• [WHAT IS REQUIRED]:
Everything in the listing that follows should be reproduced exactly except the pictures.
· · · ·
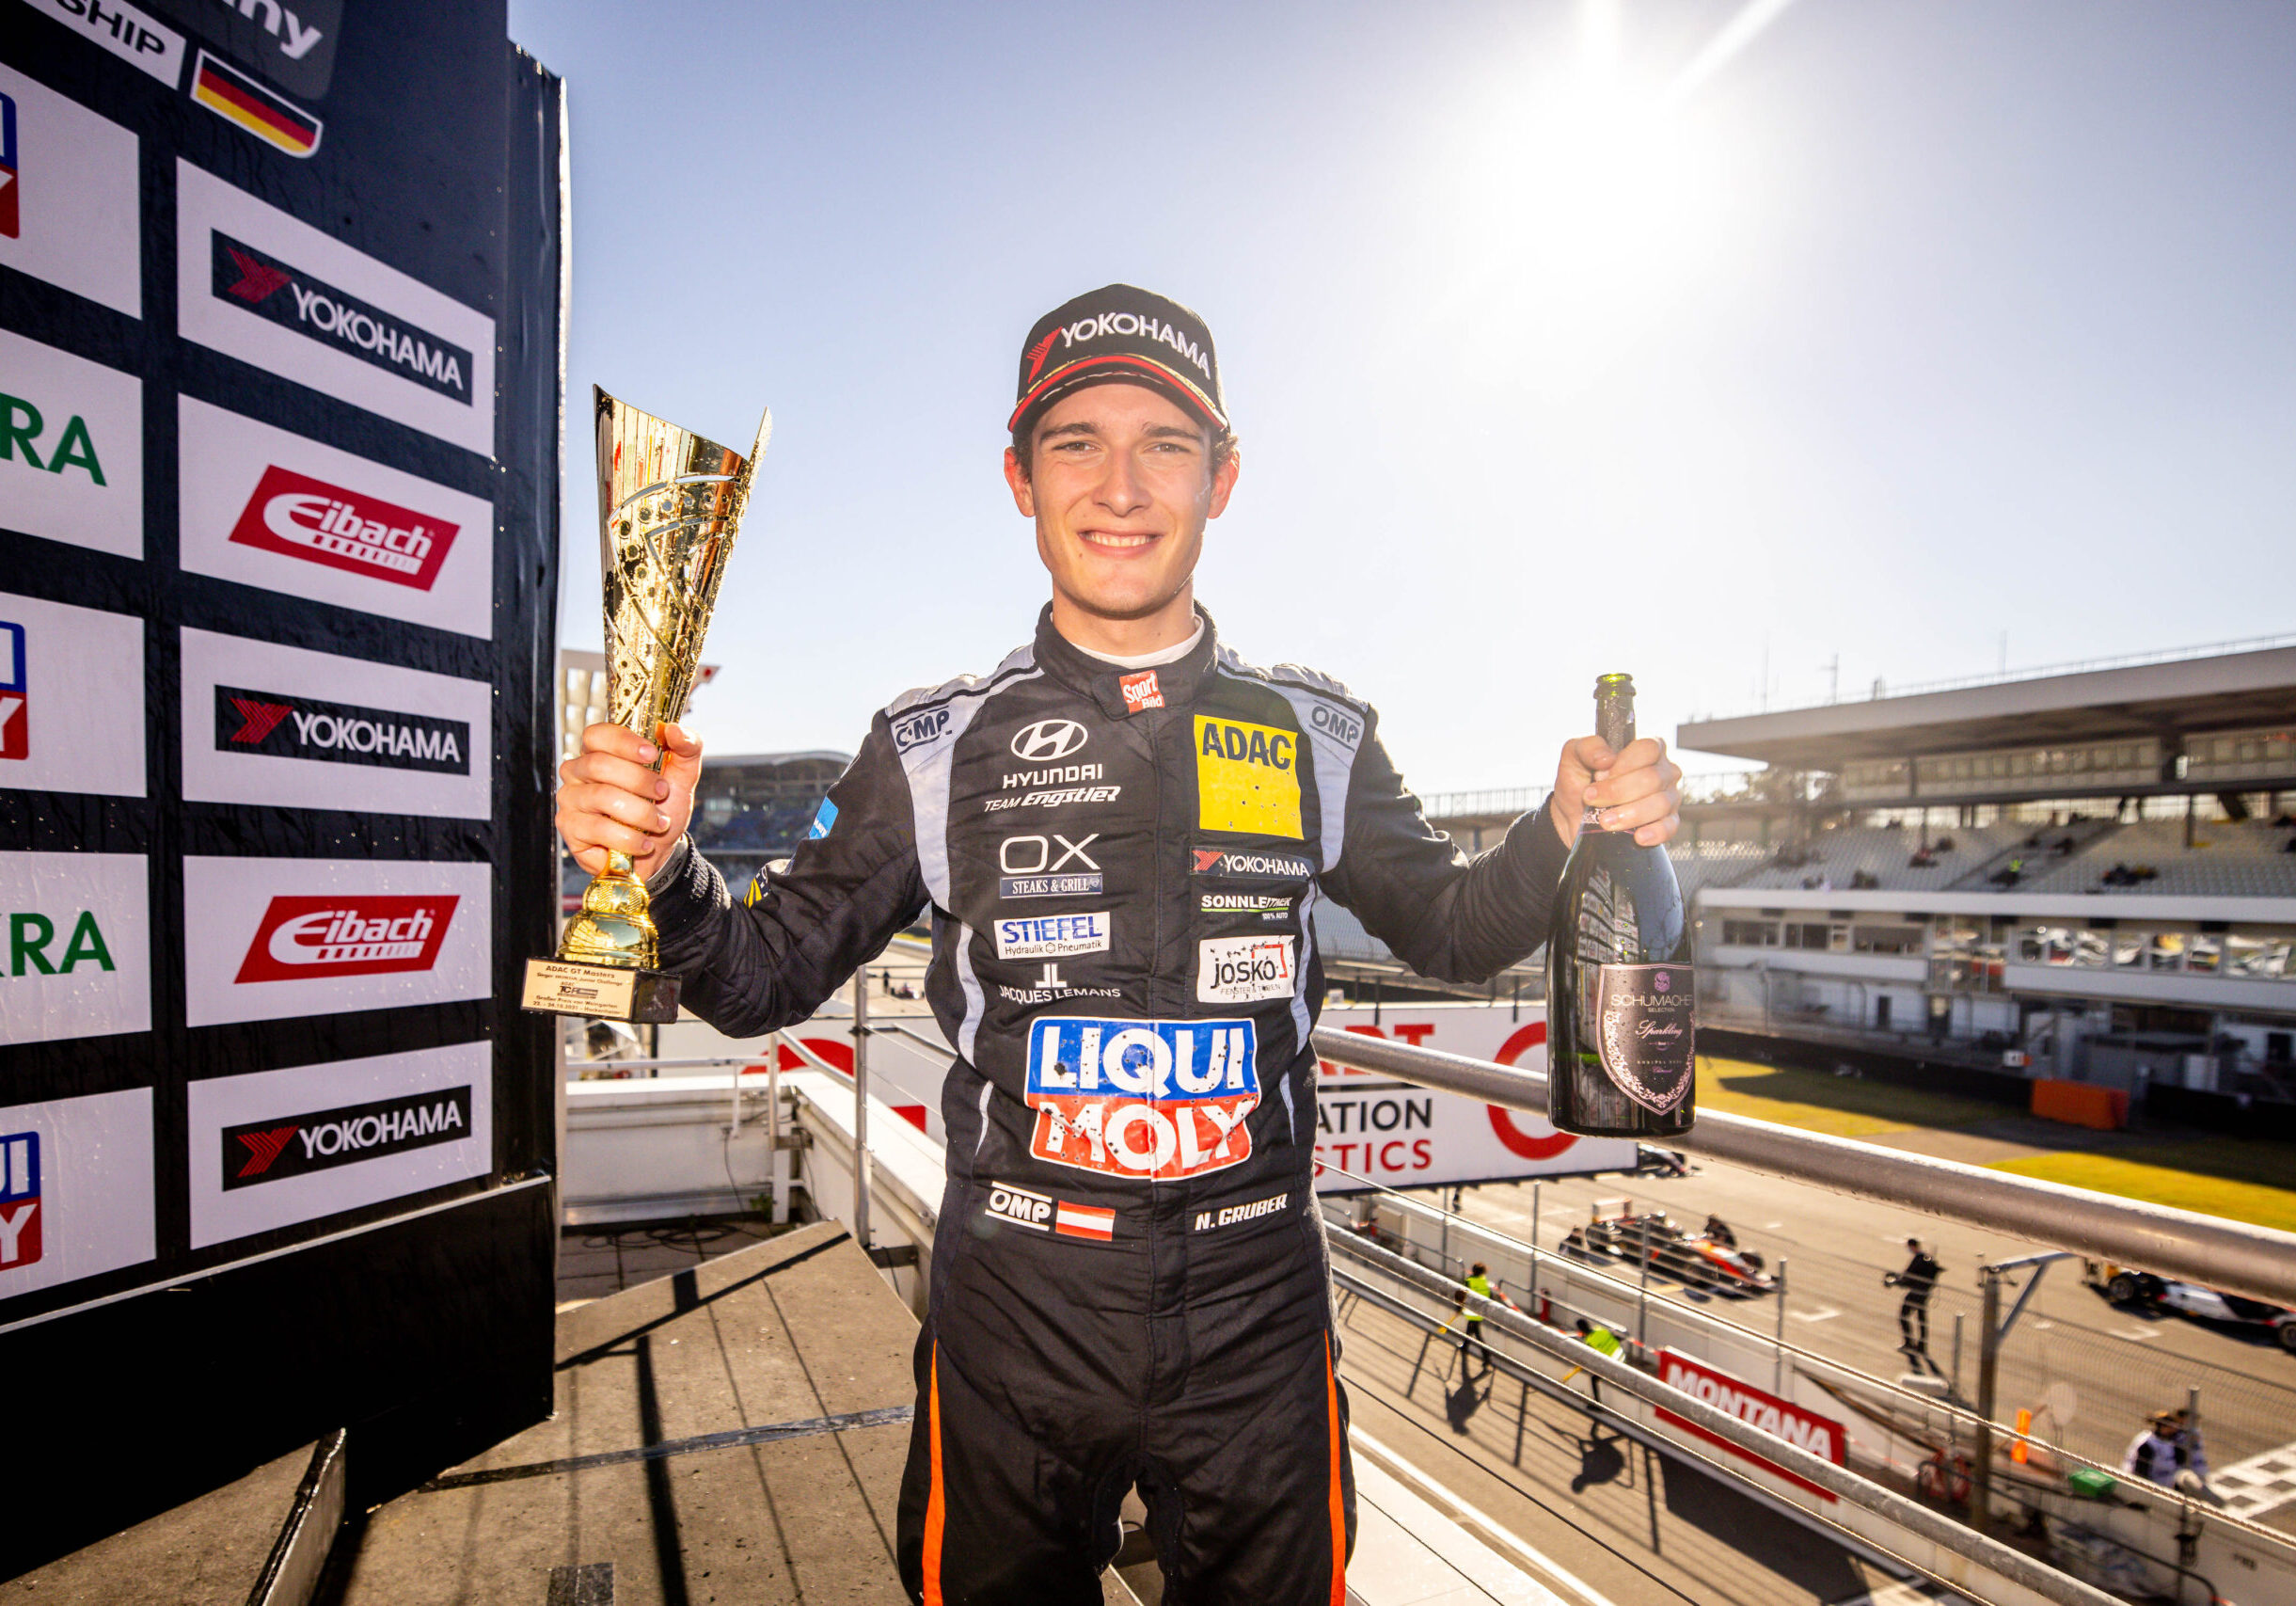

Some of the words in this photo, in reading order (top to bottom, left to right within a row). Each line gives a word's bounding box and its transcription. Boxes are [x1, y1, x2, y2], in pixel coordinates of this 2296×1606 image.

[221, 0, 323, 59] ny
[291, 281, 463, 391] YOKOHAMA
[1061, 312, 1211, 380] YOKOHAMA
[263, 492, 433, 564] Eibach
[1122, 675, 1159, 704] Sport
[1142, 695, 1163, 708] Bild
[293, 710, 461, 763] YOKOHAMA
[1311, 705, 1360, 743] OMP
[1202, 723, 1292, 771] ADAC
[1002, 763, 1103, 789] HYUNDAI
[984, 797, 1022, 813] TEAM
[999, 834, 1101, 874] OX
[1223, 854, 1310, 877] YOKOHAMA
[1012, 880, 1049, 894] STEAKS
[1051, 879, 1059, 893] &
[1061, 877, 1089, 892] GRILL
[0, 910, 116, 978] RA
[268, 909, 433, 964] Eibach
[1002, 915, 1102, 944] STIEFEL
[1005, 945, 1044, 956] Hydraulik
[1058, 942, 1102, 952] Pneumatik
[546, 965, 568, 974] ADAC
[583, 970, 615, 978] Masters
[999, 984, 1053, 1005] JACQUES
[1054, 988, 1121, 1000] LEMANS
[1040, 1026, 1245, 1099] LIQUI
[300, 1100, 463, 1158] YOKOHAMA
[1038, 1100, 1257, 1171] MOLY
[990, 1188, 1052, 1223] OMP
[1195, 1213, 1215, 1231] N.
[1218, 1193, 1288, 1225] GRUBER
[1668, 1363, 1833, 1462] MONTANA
· · · ·
• [RESULT]:
Some of the words in this photo, in reading order (top to bottom, left to right within a row). Each line gives a word's bounding box and its transcription. Boxes are [x1, y1, x2, y2], in pixel coordinates of this 2296×1606 image.

[221, 0, 323, 59] ny
[291, 281, 463, 391] YOKOHAMA
[1061, 312, 1211, 380] YOKOHAMA
[263, 492, 433, 564] Eibach
[1122, 675, 1159, 704] Sport
[1142, 695, 1163, 708] Bild
[293, 710, 461, 763] YOKOHAMA
[1311, 705, 1360, 743] OMP
[1202, 723, 1292, 771] ADAC
[1002, 763, 1103, 789] HYUNDAI
[984, 797, 1022, 813] TEAM
[999, 834, 1101, 874] OX
[1223, 854, 1310, 877] YOKOHAMA
[1012, 880, 1049, 894] STEAKS
[1051, 879, 1059, 893] &
[1061, 877, 1089, 892] GRILL
[0, 910, 116, 978] RA
[268, 909, 433, 964] Eibach
[1002, 915, 1102, 944] STIEFEL
[1005, 945, 1044, 956] Hydraulik
[1058, 942, 1102, 952] Pneumatik
[546, 965, 568, 974] ADAC
[583, 970, 615, 978] Masters
[999, 984, 1053, 1005] JACQUES
[1054, 988, 1121, 1000] LEMANS
[1040, 1026, 1245, 1099] LIQUI
[300, 1100, 463, 1158] YOKOHAMA
[1038, 1100, 1257, 1171] MOLY
[990, 1188, 1052, 1223] OMP
[1195, 1213, 1215, 1231] N.
[1218, 1193, 1288, 1225] GRUBER
[1668, 1363, 1833, 1462] MONTANA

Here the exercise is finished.